Privately, Schwartz knew he had to make some changes after that 4-12 season. His next team was more disciplined than his previous ones. But the line between successful coaches and failed ones is thinner than we often realize—one or two poor decisions can doom a tenure, and one or two unfortunate breaks can doom a win-or-get-fired season.

Schwartz started spending considerably more time with the defense, perhaps because he had such faith in Stafford, Johnson and offensive coordinator Scott Linehan. It backfired, as Stafford continued to make critical errors. The Lions started 6-3, but they finished 7-9 and Schwartz was fired.

At the time, it seemed like Schwartz’s cockiness finally got him. But a series of bizarre circumstances did not help. Running back Jahvid Best lost his career to concussions after just 22 games. Receiver Nate Burleson broke his arm when he tried to save a pizza box from slipping and crashed his car. They lost to the Ravens on a 61-yard field goal and to the Giants in overtime.

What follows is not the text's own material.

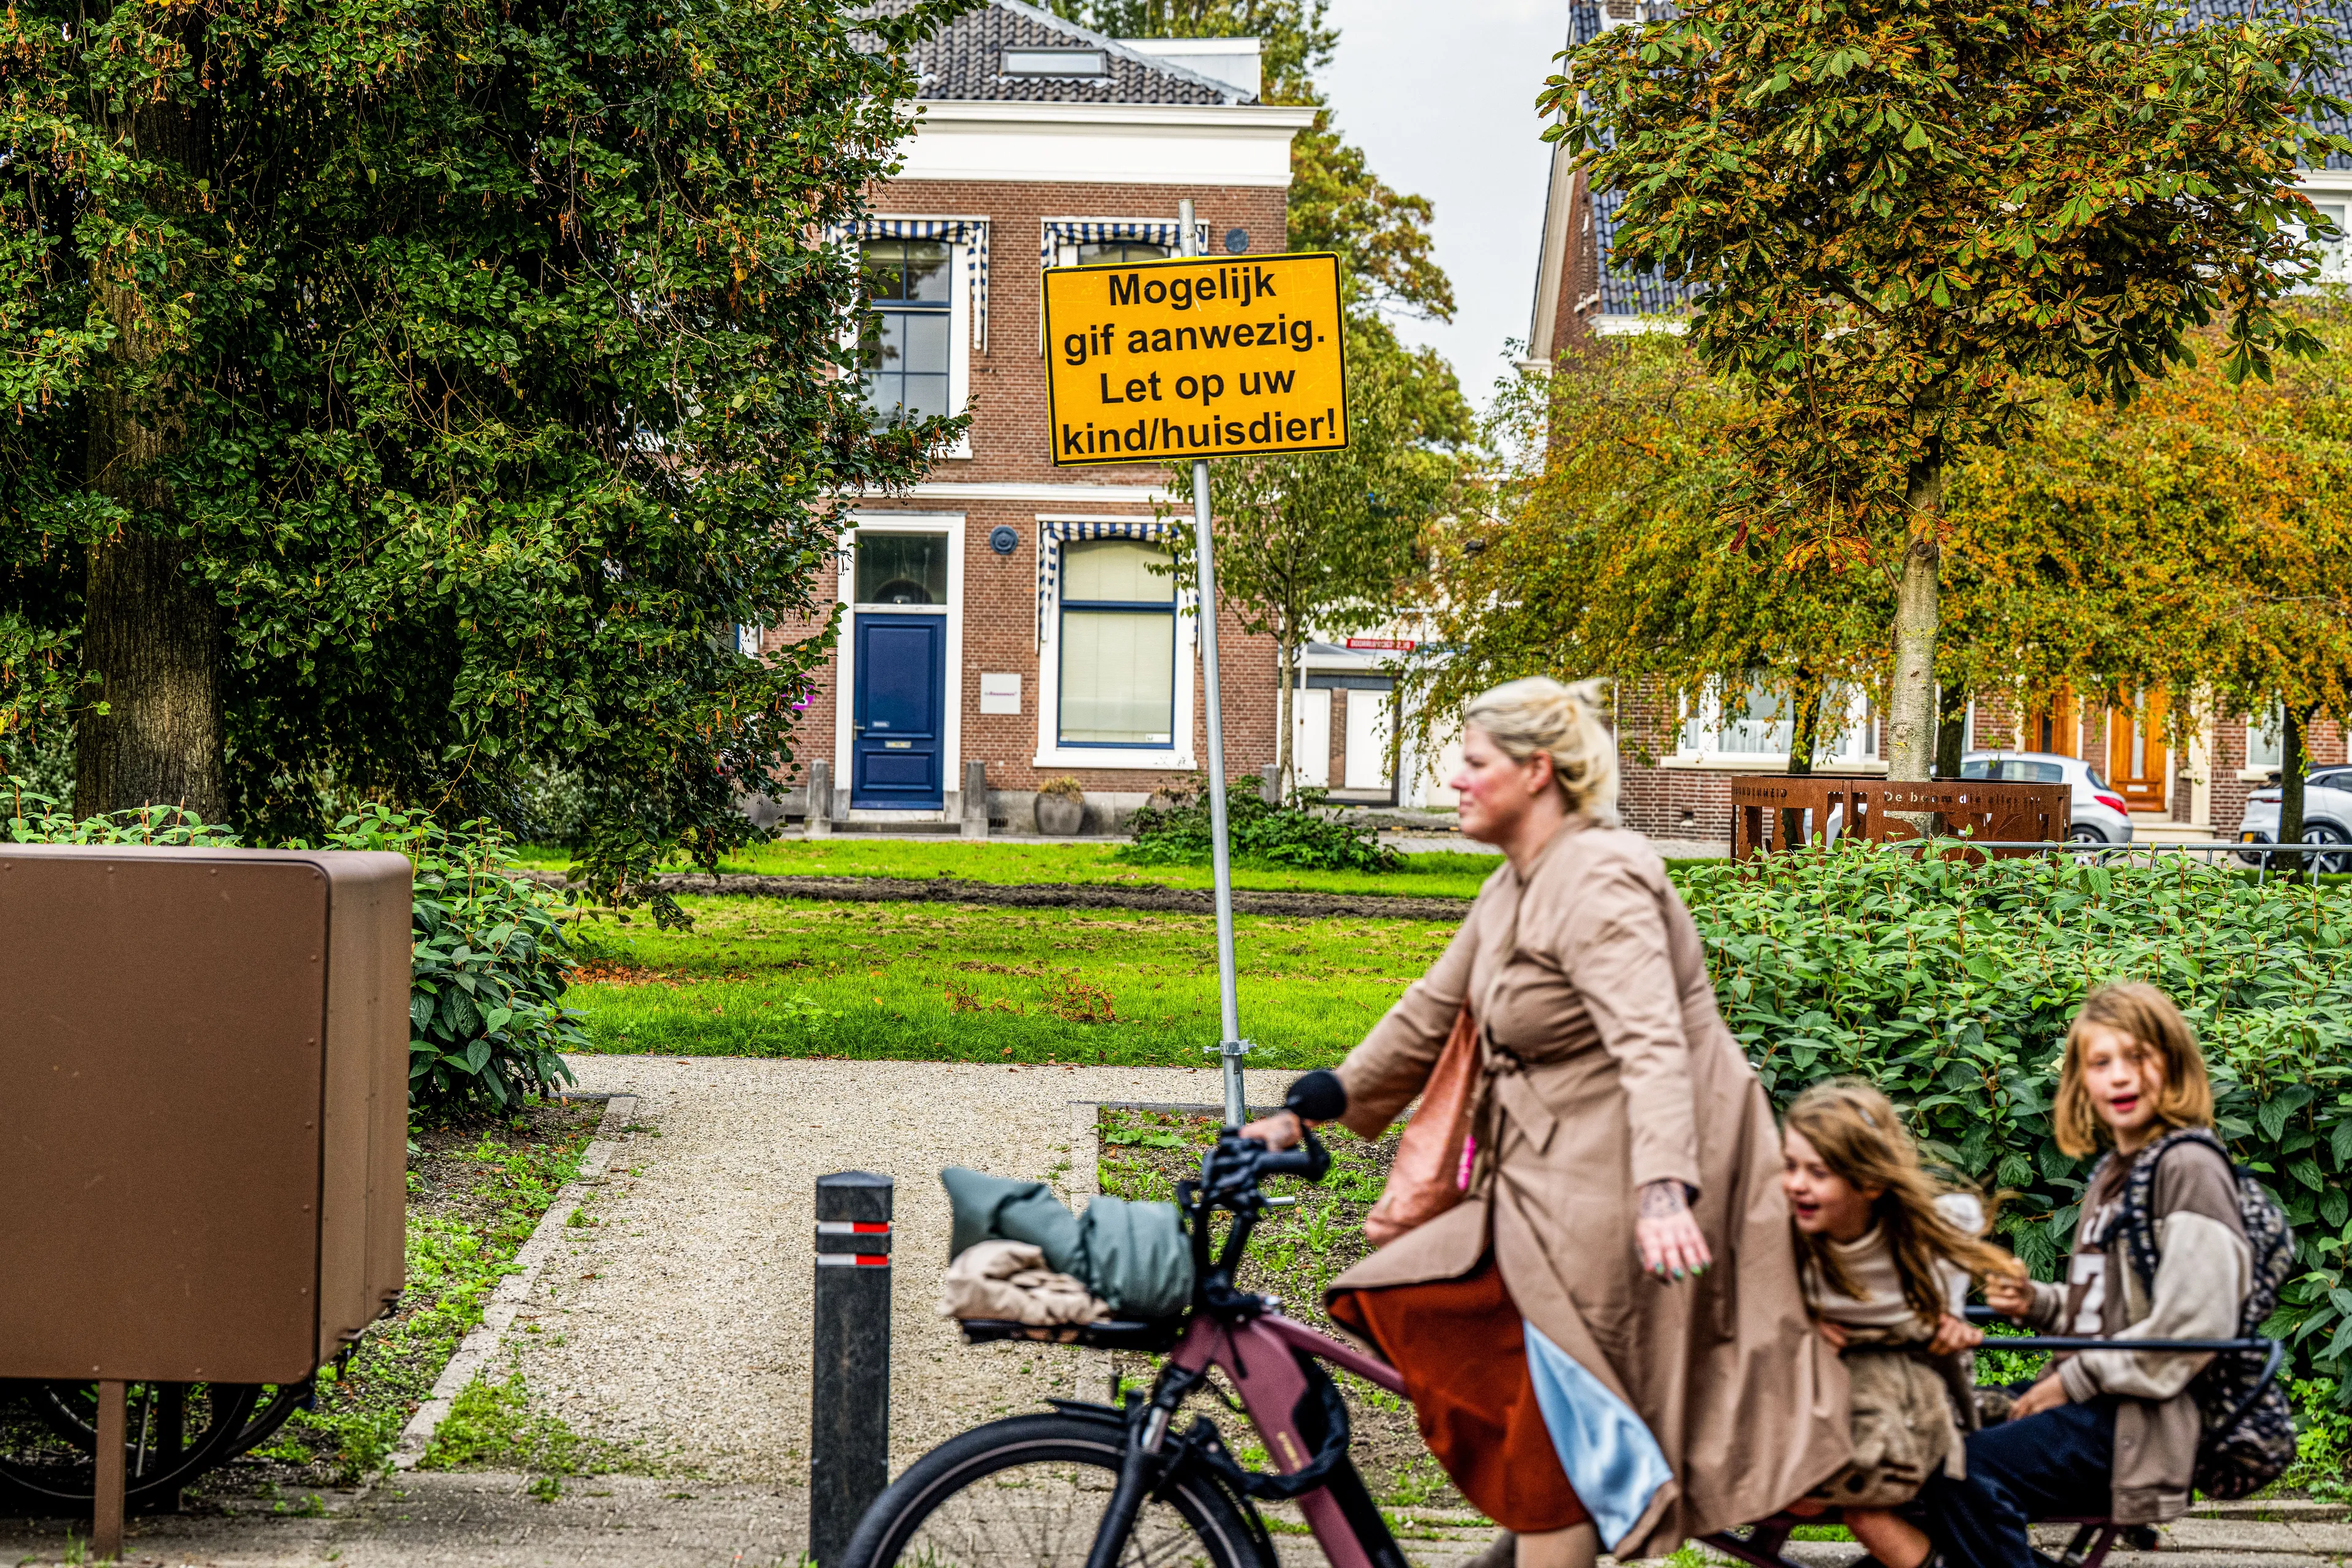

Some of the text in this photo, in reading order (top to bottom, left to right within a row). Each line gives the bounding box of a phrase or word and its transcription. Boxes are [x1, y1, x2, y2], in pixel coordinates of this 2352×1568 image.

“I think about that all the time,” Washburn says. “It was just a few things here and there. We could have and should have won the division.”

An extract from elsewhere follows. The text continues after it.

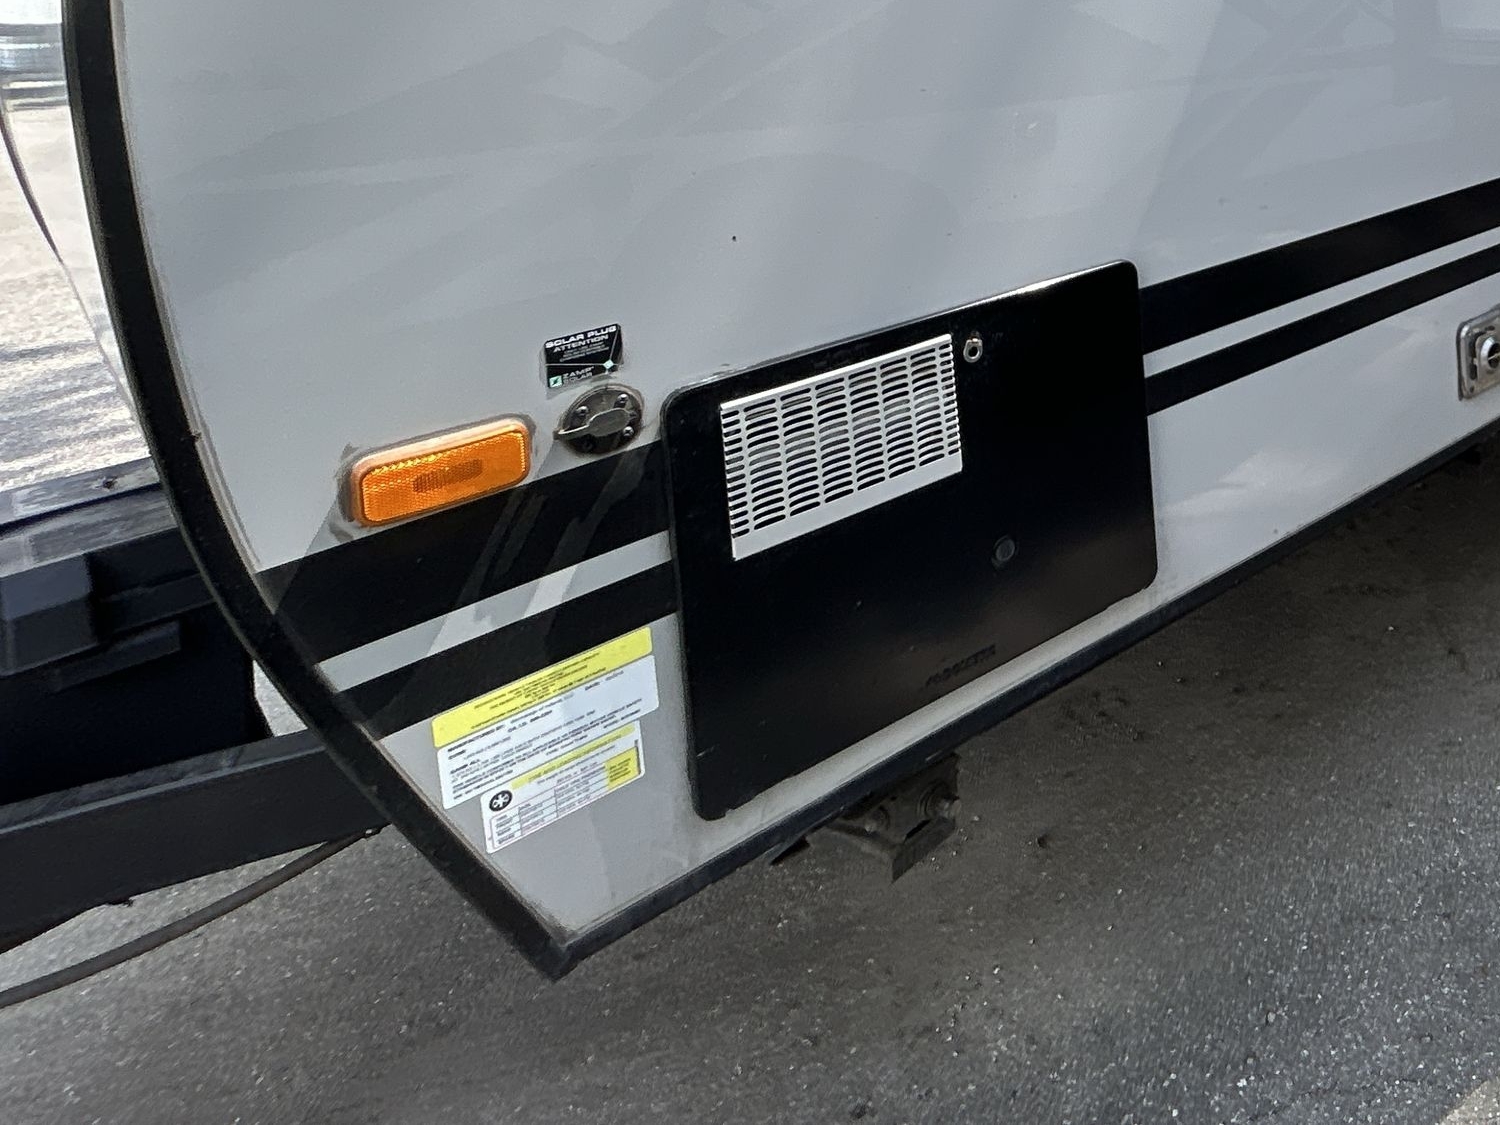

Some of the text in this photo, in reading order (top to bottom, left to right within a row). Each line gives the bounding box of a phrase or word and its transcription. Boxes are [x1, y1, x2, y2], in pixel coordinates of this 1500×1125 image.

[545, 325, 617, 349] SOLAR PLUG
[553, 334, 609, 352] ATTENTION

Coaches on the 2013 Lions have a hard time letting that season go. They believed they were on the cusp of something great. They still do. In Detroit, assistant coaches would walk past Schwartz’s office at 11 p.m., planning to go home. Schwartz would pull them into a conversation about football philosophy, invariably teaching them something new about the game. Yes, that sounds a lot like Bill Belichick in Cleveland.

The Schwartz who met with the media several times this week seems slightly different from the one in Detroit. He is still obviously brilliant and engaging. But he did not bristle as often. He seems more like the guy that Eagles defensive coaches say is not just a boss, but a friend. And since he is only 51, it makes you wonder what will happen if gets a chance to be a head coach again.

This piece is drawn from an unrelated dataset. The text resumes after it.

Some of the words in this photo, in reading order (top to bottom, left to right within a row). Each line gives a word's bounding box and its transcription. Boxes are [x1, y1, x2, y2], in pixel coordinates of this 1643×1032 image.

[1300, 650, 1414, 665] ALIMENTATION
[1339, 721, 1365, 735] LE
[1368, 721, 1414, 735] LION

Belichick sealed his reputation as a defensive guru in Super Bowl XXVI, when the Giants, with backup quarterback Jeff Hostetler, stymied the favored K-Gun Buffalo Bills led by Jim Kelly and Thurman Thomas. Schwartz has a similar chance here, as defensive coordinator of a team bringing a backup quarterback against a heavy favorite with a star quarterback.

Trey Burton Is Super Bowl 52’s Most Likely Unlikely Hero

If the Eagles win this game against Tom Brady, Schwartz could be the big name in next year’s coaching market. I asked Schwartz what he learned from his tenure in Detroit. He said he is always learning, always trying to get better: “That’s what life is all about. Whether you’re a player, a coach, a writer, it’s along journey.” He did not get specific.

“Aren’t you writing better stories than you did five years ago?” he asked.

“That depends who you ask,” I said.

“Probably a lot like me,” he said.

There are those who are skeptical that Schwartz is a bit humbler now. This may explain why he did not get a job this go-round, despite taking the Lions to the playoffs and being one of the league’s best assistant coaches. Only Schwartz really knows if he has changed. He doesn’t have to change a lot. Just enough.

His old center in Detroit, Dominic Raiola, says, “He still coaches with that edge. I think if he’s in the spotlight again, there probably won’t be what you guys call arrogance.” Washburn says Schwartz actually made the tweaks he needed to make before the Lions fired him, resulting in a more disciplined team, but Detroit’s 2013 season fell apart at the end anyway. Washburn says: “The right job is out there for him. He is going to get the right job and absolutely kill it.”

The Eagles’ defensive players will take the field in this Super Bowl believing that their coach has all the answers. Maybe Jim Schwartz has acted like the smartest man in the room sometimes. But Bill Belichick flew from Massachusetts to Michigan just to be in that room.